*Data extracts:*

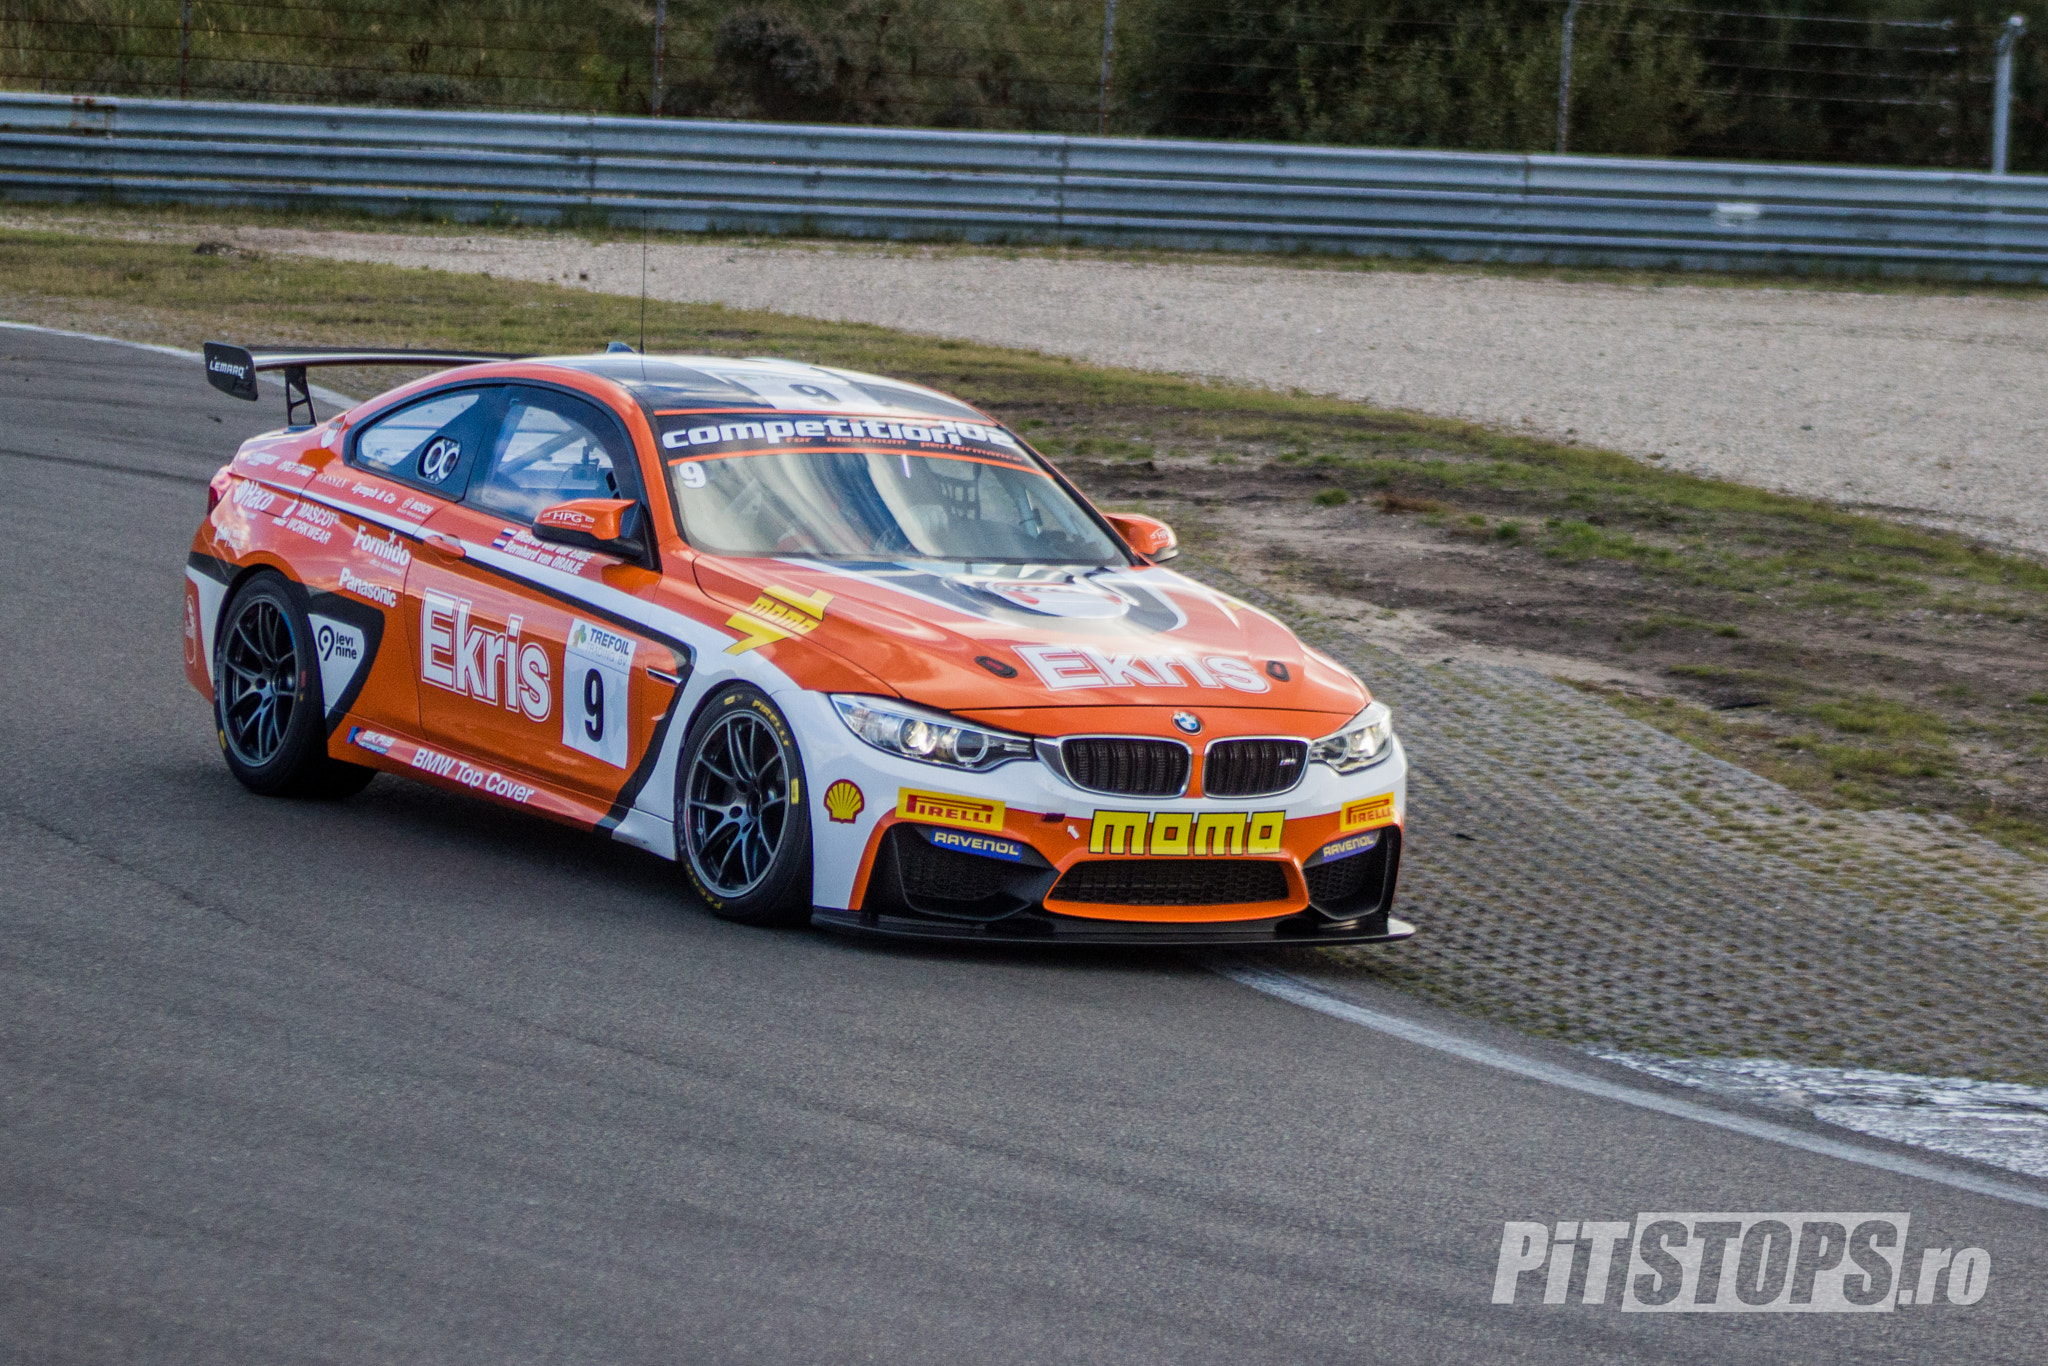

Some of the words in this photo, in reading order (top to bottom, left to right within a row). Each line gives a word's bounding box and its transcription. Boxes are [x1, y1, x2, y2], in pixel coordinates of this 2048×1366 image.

[209, 360, 245, 380] LEMARQ
[827, 436, 907, 445] maximum
[920, 441, 1024, 462] performance
[679, 461, 706, 489] 9
[296, 502, 335, 528] MASCOT
[410, 501, 434, 515] BOSCH
[552, 511, 582, 523] HPG
[286, 517, 332, 545] WORKWEAR
[353, 524, 411, 566] Formido
[503, 540, 541, 560] Bernhard
[536, 552, 554, 565] van
[550, 555, 585, 575] ORANJE
[338, 567, 397, 608] Panasonic
[745, 595, 820, 635] momo
[335, 646, 357, 659] nine
[336, 632, 354, 647] levi
[589, 628, 629, 656] TREFOIL
[421, 587, 551, 724] Ekris
[1011, 643, 1271, 693] Ekris
[584, 668, 604, 742] 9
[411, 747, 457, 777] BMW
[455, 761, 484, 788] Top
[485, 772, 535, 803] Cover
[906, 794, 994, 824] PIRELLI
[1347, 799, 1391, 825] PIRELLI
[934, 832, 1020, 856] RAVENOL
[1089, 809, 1286, 856] momo
[1322, 835, 1375, 858] RAVENOL

*Problem to work on:*
Set every record down exactly, omitting pictures.

*Result below:*
Some of the words in this photo, in reading order (top to bottom, left to right within a row). Each line gives a word's bounding box and its transcription. Boxes are [x1, y1, x2, y2], in pixel coordinates of this 2048×1366 image.

[209, 360, 245, 380] LEMARQ
[827, 436, 907, 445] maximum
[920, 441, 1024, 462] performance
[679, 461, 706, 489] 9
[296, 502, 335, 528] MASCOT
[410, 501, 434, 515] BOSCH
[552, 511, 582, 523] HPG
[286, 517, 332, 545] WORKWEAR
[353, 524, 411, 566] Formido
[503, 540, 541, 560] Bernhard
[536, 552, 554, 565] van
[550, 555, 585, 575] ORANJE
[338, 567, 397, 608] Panasonic
[745, 595, 820, 635] momo
[335, 646, 357, 659] nine
[336, 632, 354, 647] levi
[589, 628, 629, 656] TREFOIL
[421, 587, 551, 724] Ekris
[1011, 643, 1271, 693] Ekris
[584, 668, 604, 742] 9
[411, 747, 457, 777] BMW
[455, 761, 484, 788] Top
[485, 772, 535, 803] Cover
[906, 794, 994, 824] PIRELLI
[1347, 799, 1391, 825] PIRELLI
[934, 832, 1020, 856] RAVENOL
[1089, 809, 1286, 856] momo
[1322, 835, 1375, 858] RAVENOL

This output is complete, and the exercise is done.